### Problem description
Print, exactly as they appear, only the lines from the line that contains "this 1280×1280 image." through the end of the listing.

### Data for analysis
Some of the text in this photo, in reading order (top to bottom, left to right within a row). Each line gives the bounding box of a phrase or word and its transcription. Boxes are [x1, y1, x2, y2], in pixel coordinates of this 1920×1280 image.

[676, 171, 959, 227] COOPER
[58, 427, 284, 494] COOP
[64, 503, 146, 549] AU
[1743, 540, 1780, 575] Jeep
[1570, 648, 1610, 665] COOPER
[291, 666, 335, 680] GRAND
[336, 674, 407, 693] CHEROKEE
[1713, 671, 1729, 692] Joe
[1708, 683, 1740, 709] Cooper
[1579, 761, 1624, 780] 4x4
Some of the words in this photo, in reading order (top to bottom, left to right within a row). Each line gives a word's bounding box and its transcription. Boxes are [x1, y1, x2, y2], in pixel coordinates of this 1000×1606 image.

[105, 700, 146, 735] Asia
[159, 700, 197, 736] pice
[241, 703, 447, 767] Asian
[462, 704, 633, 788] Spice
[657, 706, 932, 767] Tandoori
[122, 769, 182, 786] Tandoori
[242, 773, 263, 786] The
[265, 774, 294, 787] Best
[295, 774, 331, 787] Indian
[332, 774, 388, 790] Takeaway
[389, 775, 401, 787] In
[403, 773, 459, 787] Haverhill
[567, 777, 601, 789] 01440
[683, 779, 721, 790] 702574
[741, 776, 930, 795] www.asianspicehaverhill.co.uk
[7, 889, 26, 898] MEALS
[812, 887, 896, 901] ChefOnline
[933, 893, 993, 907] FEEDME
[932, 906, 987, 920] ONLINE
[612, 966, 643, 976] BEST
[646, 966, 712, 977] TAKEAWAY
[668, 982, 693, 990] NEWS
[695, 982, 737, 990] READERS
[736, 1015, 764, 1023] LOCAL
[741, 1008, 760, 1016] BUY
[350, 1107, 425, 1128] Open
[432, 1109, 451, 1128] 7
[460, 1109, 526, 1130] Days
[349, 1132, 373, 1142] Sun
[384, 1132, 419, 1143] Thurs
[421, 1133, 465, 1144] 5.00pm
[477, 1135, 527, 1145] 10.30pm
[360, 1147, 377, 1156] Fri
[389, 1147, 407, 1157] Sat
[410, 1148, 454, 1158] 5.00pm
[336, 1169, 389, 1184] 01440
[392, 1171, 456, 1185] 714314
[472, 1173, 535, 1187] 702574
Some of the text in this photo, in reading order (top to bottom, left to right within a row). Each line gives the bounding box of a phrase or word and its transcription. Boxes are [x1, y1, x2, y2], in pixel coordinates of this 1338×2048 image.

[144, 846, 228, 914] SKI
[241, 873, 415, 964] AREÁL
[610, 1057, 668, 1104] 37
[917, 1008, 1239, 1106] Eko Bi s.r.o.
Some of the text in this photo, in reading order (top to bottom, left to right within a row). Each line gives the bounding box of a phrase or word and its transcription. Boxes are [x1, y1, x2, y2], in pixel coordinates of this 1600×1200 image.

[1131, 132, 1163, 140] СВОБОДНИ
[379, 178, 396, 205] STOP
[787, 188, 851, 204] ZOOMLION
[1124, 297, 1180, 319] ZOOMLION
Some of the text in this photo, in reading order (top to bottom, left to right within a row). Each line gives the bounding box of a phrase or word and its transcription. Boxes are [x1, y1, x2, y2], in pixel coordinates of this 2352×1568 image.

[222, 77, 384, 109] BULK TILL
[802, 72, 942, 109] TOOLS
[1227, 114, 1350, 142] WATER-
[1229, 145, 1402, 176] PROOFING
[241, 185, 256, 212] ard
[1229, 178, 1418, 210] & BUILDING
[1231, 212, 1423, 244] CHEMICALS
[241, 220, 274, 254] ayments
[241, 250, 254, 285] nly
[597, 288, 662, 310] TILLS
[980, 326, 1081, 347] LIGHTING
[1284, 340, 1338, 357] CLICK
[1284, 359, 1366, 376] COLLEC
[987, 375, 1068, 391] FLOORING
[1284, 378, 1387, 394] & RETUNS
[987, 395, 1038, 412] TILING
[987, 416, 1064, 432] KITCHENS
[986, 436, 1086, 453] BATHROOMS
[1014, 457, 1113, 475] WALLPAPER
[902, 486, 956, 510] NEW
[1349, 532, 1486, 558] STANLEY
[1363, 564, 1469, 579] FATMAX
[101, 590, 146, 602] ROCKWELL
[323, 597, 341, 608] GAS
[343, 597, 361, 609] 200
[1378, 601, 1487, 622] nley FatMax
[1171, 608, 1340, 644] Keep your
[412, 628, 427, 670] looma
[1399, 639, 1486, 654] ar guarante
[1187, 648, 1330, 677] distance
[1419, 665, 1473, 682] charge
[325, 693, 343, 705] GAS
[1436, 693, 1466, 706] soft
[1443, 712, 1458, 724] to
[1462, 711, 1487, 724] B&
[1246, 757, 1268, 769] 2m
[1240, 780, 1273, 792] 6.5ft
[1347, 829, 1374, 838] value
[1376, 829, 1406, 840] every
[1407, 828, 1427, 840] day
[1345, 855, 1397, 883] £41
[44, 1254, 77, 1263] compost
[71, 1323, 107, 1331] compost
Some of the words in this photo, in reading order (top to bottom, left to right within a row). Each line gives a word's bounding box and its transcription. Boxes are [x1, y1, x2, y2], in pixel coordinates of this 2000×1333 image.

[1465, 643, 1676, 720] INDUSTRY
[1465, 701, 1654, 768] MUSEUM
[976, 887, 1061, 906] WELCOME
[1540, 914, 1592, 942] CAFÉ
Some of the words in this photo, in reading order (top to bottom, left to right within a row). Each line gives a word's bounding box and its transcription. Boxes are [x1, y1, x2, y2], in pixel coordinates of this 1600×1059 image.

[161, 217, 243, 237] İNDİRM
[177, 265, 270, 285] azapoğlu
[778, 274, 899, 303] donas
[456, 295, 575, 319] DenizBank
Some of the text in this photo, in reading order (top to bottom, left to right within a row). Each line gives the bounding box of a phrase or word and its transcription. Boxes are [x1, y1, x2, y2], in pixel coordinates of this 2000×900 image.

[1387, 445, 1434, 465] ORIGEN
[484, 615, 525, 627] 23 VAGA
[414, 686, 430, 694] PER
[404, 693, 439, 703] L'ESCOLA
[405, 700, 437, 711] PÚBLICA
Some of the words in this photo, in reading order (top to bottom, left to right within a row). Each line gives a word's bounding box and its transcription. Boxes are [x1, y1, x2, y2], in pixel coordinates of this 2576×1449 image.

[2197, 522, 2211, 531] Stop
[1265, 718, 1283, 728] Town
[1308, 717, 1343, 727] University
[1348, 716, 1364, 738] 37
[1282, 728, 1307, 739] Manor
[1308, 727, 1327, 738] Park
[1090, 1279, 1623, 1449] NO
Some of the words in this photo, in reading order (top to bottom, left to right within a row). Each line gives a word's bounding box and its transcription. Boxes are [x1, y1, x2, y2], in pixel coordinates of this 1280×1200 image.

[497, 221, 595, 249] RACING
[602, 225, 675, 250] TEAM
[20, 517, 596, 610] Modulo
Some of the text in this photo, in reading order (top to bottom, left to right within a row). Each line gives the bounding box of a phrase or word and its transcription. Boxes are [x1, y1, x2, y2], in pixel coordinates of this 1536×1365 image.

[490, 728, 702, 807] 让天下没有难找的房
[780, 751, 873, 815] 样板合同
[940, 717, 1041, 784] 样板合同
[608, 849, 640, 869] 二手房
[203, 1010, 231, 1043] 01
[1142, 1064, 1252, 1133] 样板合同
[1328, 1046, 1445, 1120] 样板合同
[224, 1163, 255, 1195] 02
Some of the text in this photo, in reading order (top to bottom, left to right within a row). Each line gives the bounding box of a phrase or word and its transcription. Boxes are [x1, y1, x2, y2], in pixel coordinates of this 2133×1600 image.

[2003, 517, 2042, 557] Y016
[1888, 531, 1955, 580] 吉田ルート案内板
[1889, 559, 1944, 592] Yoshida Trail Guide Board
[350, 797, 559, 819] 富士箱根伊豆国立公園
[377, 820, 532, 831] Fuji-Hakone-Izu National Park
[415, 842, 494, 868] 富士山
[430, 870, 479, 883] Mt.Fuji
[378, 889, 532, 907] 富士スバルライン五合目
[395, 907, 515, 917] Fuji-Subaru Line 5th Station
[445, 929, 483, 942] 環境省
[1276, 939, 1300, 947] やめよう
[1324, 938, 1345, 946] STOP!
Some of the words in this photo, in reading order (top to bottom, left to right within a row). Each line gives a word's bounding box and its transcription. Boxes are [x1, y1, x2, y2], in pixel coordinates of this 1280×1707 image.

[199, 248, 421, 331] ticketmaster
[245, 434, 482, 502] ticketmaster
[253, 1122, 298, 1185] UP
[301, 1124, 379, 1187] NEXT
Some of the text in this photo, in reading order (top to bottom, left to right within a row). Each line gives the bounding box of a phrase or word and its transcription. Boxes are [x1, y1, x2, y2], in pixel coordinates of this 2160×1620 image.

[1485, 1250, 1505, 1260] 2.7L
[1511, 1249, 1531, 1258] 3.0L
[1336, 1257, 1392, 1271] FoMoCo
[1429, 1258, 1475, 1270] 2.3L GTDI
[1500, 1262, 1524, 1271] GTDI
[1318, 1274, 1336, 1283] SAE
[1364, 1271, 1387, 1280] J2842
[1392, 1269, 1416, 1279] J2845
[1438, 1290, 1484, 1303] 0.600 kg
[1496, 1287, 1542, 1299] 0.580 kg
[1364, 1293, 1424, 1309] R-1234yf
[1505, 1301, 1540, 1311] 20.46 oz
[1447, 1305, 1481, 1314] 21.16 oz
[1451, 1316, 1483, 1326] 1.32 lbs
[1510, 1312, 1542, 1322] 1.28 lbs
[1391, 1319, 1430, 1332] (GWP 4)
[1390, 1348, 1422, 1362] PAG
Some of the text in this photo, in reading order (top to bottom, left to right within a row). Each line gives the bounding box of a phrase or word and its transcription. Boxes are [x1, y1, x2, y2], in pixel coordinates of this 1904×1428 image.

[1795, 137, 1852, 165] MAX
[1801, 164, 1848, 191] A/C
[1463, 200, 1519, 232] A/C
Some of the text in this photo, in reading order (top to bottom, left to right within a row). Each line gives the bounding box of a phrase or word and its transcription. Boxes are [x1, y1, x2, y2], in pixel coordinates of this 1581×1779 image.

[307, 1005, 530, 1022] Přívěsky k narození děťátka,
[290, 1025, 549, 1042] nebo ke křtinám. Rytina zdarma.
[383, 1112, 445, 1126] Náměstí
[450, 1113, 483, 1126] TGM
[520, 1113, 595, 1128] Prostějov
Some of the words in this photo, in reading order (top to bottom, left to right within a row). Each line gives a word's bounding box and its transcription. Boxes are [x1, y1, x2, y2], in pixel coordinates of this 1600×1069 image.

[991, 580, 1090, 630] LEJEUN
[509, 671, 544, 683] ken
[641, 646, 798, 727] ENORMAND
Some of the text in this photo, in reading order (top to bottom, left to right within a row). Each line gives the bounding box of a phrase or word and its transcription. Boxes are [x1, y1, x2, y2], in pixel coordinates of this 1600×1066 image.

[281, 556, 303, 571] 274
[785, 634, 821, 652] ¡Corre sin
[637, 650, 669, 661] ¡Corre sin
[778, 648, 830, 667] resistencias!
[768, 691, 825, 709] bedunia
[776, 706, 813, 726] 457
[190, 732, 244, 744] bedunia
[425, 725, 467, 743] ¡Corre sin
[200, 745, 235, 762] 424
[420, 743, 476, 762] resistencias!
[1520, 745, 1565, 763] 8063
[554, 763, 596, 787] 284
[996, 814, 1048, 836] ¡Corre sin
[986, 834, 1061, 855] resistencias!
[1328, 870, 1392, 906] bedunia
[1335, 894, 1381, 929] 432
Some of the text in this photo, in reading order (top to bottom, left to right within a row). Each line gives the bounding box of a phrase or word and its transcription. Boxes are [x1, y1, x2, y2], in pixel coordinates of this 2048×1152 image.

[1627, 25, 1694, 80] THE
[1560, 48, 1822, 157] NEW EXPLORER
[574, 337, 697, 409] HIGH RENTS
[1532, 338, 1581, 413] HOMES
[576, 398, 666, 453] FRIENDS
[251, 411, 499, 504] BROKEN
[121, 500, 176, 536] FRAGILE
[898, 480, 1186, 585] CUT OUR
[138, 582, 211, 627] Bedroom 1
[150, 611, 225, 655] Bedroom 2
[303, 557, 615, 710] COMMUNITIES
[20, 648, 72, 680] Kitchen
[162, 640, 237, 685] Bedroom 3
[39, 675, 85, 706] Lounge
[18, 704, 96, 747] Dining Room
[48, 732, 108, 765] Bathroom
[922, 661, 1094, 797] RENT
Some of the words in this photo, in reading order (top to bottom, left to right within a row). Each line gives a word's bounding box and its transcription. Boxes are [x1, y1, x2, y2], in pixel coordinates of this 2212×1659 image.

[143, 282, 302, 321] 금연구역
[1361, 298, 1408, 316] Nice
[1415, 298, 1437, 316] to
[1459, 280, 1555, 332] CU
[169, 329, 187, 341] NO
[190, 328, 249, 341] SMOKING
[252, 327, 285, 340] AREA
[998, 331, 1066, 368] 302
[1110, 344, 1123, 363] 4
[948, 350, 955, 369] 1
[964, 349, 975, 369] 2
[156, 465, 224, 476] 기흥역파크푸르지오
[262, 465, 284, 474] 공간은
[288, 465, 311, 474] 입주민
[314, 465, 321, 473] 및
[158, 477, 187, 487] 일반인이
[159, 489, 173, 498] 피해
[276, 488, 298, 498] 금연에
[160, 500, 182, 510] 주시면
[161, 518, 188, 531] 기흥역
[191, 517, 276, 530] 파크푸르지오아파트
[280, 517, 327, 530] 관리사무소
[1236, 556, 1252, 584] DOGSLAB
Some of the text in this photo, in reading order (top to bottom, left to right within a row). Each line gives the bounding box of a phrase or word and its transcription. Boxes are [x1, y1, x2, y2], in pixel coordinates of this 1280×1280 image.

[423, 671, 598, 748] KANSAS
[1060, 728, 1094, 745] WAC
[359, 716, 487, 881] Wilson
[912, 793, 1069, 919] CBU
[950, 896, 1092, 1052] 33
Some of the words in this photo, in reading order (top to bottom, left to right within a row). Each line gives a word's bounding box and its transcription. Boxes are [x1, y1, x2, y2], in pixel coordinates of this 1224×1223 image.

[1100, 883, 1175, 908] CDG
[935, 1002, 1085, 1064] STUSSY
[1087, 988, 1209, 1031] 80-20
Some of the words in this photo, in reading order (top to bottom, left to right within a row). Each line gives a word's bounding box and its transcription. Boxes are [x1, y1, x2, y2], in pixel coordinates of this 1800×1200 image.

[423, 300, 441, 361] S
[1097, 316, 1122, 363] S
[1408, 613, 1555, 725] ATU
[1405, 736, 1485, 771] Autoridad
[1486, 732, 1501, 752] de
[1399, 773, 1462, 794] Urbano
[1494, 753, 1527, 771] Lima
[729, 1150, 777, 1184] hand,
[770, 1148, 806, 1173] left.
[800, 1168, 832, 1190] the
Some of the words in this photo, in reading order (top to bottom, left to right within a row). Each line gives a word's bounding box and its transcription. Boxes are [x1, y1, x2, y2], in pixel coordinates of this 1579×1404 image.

### Answer space
Some of the text in this photo, in reading order (top to bottom, left to right within a row). Each line gives the bounding box of a phrase or word and its transcription. Boxes are [x1, y1, x2, y2], in pixel coordinates of this 1280×1280 image.

[423, 671, 598, 748] KANSAS
[1060, 728, 1094, 745] WAC
[359, 716, 487, 881] Wilson
[912, 793, 1069, 919] CBU
[950, 896, 1092, 1052] 33
Some of the words in this photo, in reading order (top to bottom, left to right within a row). Each line gives a word's bounding box and its transcription. Boxes are [x1, y1, x2, y2], in pixel coordinates of this 1224×1223 image.

[1100, 883, 1175, 908] CDG
[935, 1002, 1085, 1064] STUSSY
[1087, 988, 1209, 1031] 80-20
Some of the words in this photo, in reading order (top to bottom, left to right within a row). Each line gives a word's bounding box and its transcription. Boxes are [x1, y1, x2, y2], in pixel coordinates of this 1800×1200 image.

[423, 300, 441, 361] S
[1097, 316, 1122, 363] S
[1408, 613, 1555, 725] ATU
[1405, 736, 1485, 771] Autoridad
[1486, 732, 1501, 752] de
[1399, 773, 1462, 794] Urbano
[1494, 753, 1527, 771] Lima
[729, 1150, 777, 1184] hand,
[770, 1148, 806, 1173] left.
[800, 1168, 832, 1190] the
Some of the words in this photo, in reading order (top to bottom, left to right within a row). Each line gives a word's bounding box and its transcription. Boxes are [x1, y1, x2, y2], in pixel coordinates of this 1579×1404 image.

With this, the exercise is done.